- Opening Delimiter -

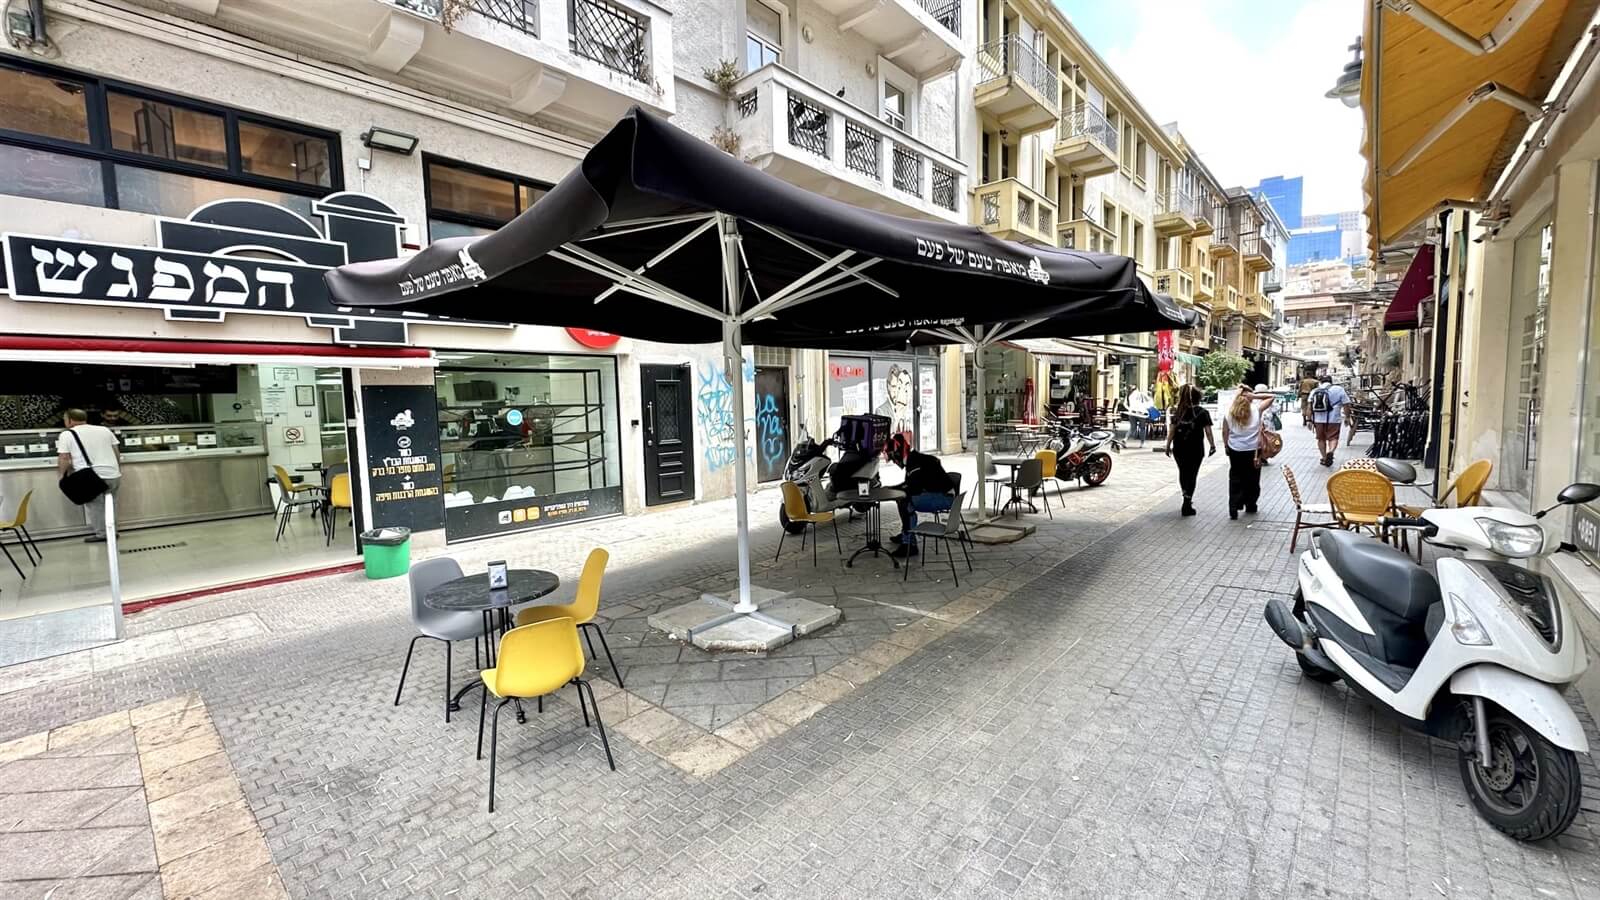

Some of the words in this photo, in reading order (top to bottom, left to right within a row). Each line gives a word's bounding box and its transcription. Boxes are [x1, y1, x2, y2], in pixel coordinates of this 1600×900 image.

[916, 238, 944, 260] פעם
[944, 240, 965, 264] של
[968, 251, 993, 270] טעם
[995, 258, 1027, 276] מאפה
[31, 245, 294, 309] המפגש
[408, 272, 424, 293] של
[424, 271, 441, 290] טעם
[440, 264, 465, 285] מאפה
[398, 281, 414, 296] פעם
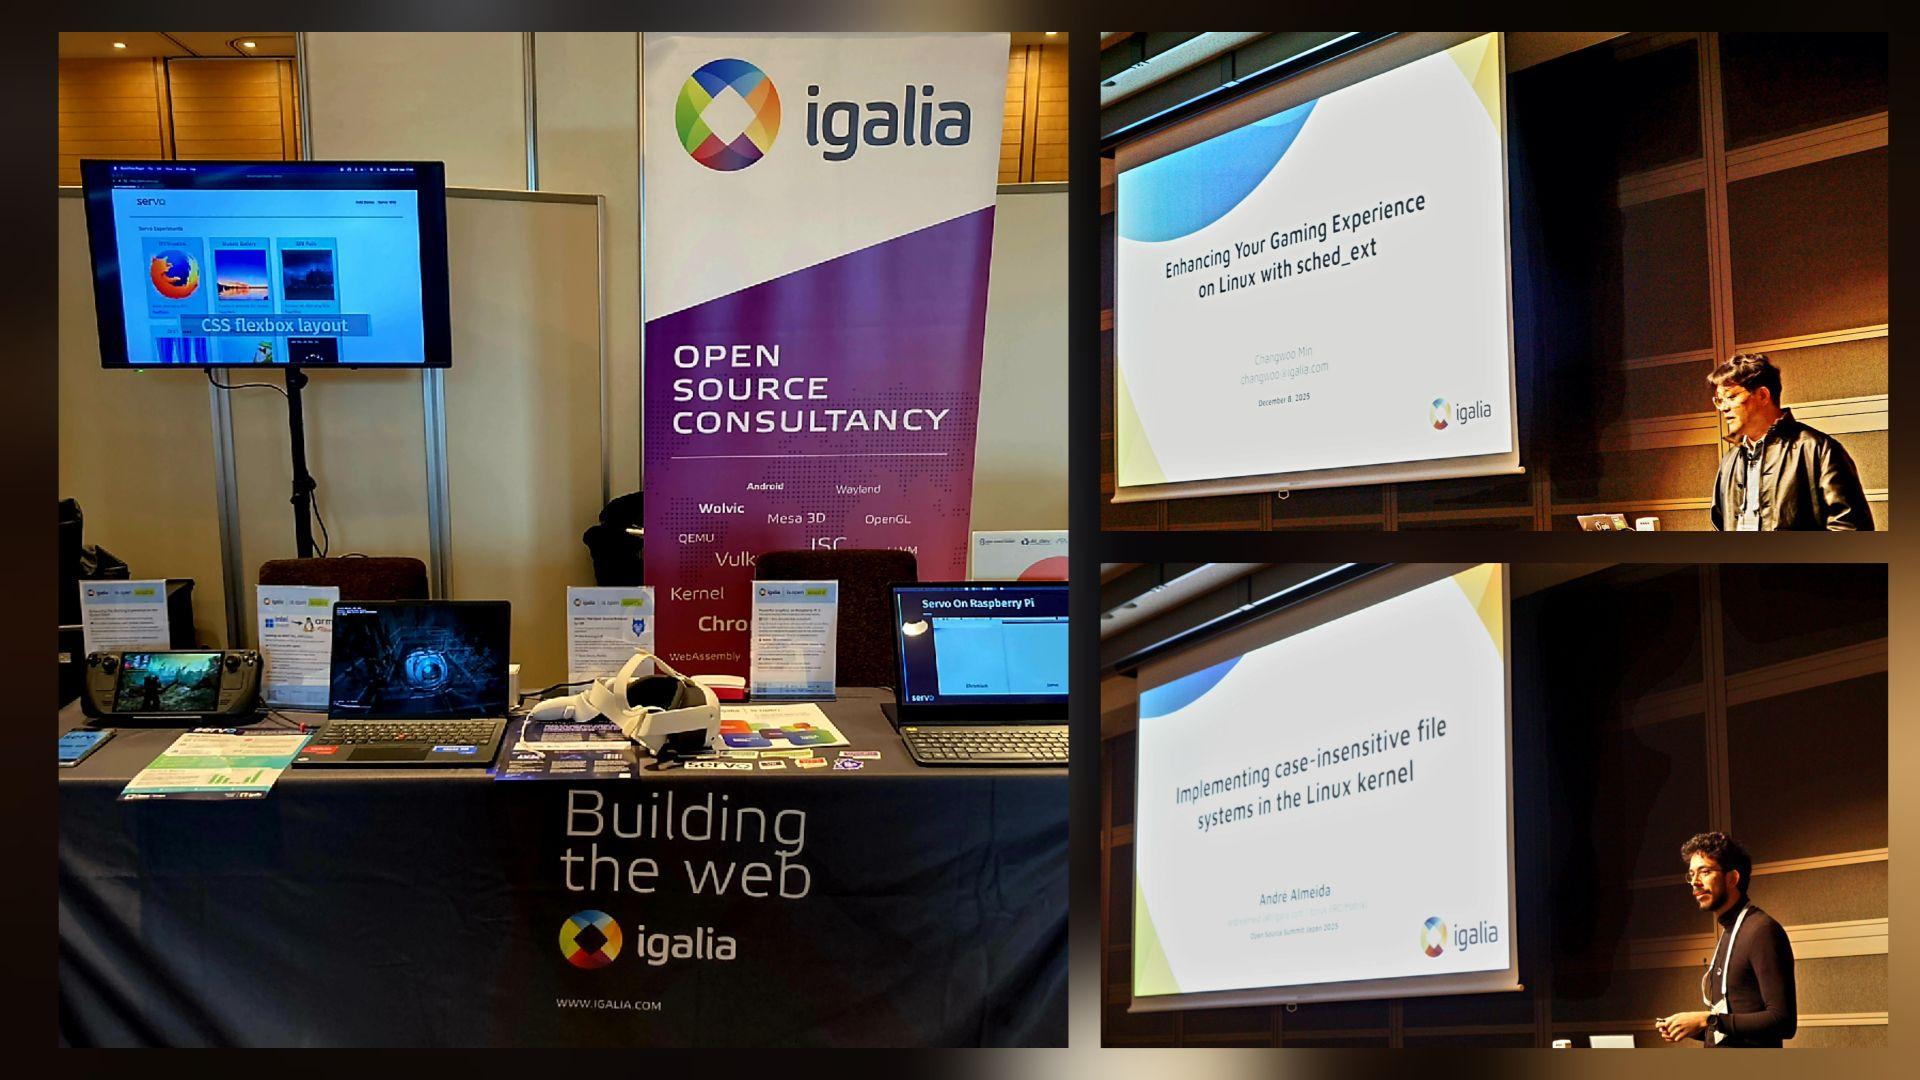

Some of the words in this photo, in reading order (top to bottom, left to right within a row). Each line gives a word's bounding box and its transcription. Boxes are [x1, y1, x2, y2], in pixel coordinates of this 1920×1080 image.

[807, 84, 972, 162] igalia
[136, 198, 166, 206] servo
[1166, 248, 1230, 279] Enhancing
[1235, 238, 1266, 263] Your
[1270, 222, 1327, 250] Gaming
[1332, 194, 1426, 234] Experience
[1198, 282, 1215, 298] on
[1219, 270, 1256, 294] Linux
[1260, 259, 1292, 283] with
[1297, 238, 1377, 275] sched_ext
[202, 318, 230, 332] CSS
[236, 318, 294, 332] flexbox
[299, 318, 348, 335] layout
[673, 344, 780, 369] OPEN
[1254, 350, 1296, 366] Changwoo
[1298, 346, 1313, 358] Min
[672, 377, 828, 402] SOURCE
[1258, 397, 1286, 407] December
[1295, 392, 1311, 402] 2025
[1456, 400, 1492, 425] igalia
[672, 408, 950, 435] CONSULTANCY
[746, 482, 784, 491] Android
[836, 484, 881, 496] Wayland
[698, 502, 745, 514] Wolvic
[768, 514, 803, 524] Mesa
[807, 512, 826, 524] 3D
[865, 514, 911, 526] OpenGL
[678, 533, 715, 544] QEMU
[715, 551, 758, 567] Vulk
[670, 587, 724, 601] Kernel
[922, 599, 952, 609] Servo
[953, 599, 968, 608] On
[970, 598, 1022, 610] Raspberry
[1024, 598, 1035, 608] Pi
[698, 615, 748, 632] Chro
[668, 652, 741, 661] WebAssembly
[912, 694, 935, 702] servo
[688, 762, 752, 770] servo
[1176, 766, 1270, 805] Implementing
[1274, 729, 1411, 779] case-insensitive
[1417, 716, 1448, 742] file
[1198, 800, 1254, 833] systems
[1258, 796, 1272, 816] in
[1276, 791, 1302, 813] the
[1306, 778, 1352, 805] Linux
[1357, 759, 1415, 793] kernel
[566, 789, 806, 858] Building
[560, 842, 660, 894] the
[683, 850, 811, 900] web
[1259, 891, 1288, 906] Andre
[1290, 884, 1332, 901] Almeida
[1453, 920, 1498, 952] igalia
[637, 924, 737, 966] igalia
[556, 998, 662, 1012] WWW.IGALIA.COM

- Closing Delimiter -

▶ **Your objective**
Write out the whole listing again, exactly, with no pictures.

▶ **Reply**
Some of the words in this photo, in reading order (top to bottom, left to right within a row). Each line gives a word's bounding box and its transcription. Boxes are [x1, y1, x2, y2], in pixel coordinates of this 1600×900 image.

[916, 238, 944, 260] פעם
[944, 240, 965, 264] של
[968, 251, 993, 270] טעם
[995, 258, 1027, 276] מאפה
[31, 245, 294, 309] המפגש
[408, 272, 424, 293] של
[424, 271, 441, 290] טעם
[440, 264, 465, 285] מאפה
[398, 281, 414, 296] פעם

Some of the words in this photo, in reading order (top to bottom, left to right within a row). Each line gives a word's bounding box and its transcription. Boxes are [x1, y1, x2, y2], in pixel coordinates of this 1920×1080 image.

[807, 84, 972, 162] igalia
[136, 198, 166, 206] servo
[1166, 248, 1230, 279] Enhancing
[1235, 238, 1266, 263] Your
[1270, 222, 1327, 250] Gaming
[1332, 194, 1426, 234] Experience
[1198, 282, 1215, 298] on
[1219, 270, 1256, 294] Linux
[1260, 259, 1292, 283] with
[1297, 238, 1377, 275] sched_ext
[202, 318, 230, 332] CSS
[236, 318, 294, 332] flexbox
[299, 318, 348, 335] layout
[673, 344, 780, 369] OPEN
[1254, 350, 1296, 366] Changwoo
[1298, 346, 1313, 358] Min
[672, 377, 828, 402] SOURCE
[1258, 397, 1286, 407] December
[1295, 392, 1311, 402] 2025
[1456, 400, 1492, 425] igalia
[672, 408, 950, 435] CONSULTANCY
[746, 482, 784, 491] Android
[836, 484, 881, 496] Wayland
[698, 502, 745, 514] Wolvic
[768, 514, 803, 524] Mesa
[807, 512, 826, 524] 3D
[865, 514, 911, 526] OpenGL
[678, 533, 715, 544] QEMU
[715, 551, 758, 567] Vulk
[670, 587, 724, 601] Kernel
[922, 599, 952, 609] Servo
[953, 599, 968, 608] On
[970, 598, 1022, 610] Raspberry
[1024, 598, 1035, 608] Pi
[698, 615, 748, 632] Chro
[668, 652, 741, 661] WebAssembly
[912, 694, 935, 702] servo
[688, 762, 752, 770] servo
[1176, 766, 1270, 805] Implementing
[1274, 729, 1411, 779] case-insensitive
[1417, 716, 1448, 742] file
[1198, 800, 1254, 833] systems
[1258, 796, 1272, 816] in
[1276, 791, 1302, 813] the
[1306, 778, 1352, 805] Linux
[1357, 759, 1415, 793] kernel
[566, 789, 806, 858] Building
[560, 842, 660, 894] the
[683, 850, 811, 900] web
[1259, 891, 1288, 906] Andre
[1290, 884, 1332, 901] Almeida
[1453, 920, 1498, 952] igalia
[637, 924, 737, 966] igalia
[556, 998, 662, 1012] WWW.IGALIA.COM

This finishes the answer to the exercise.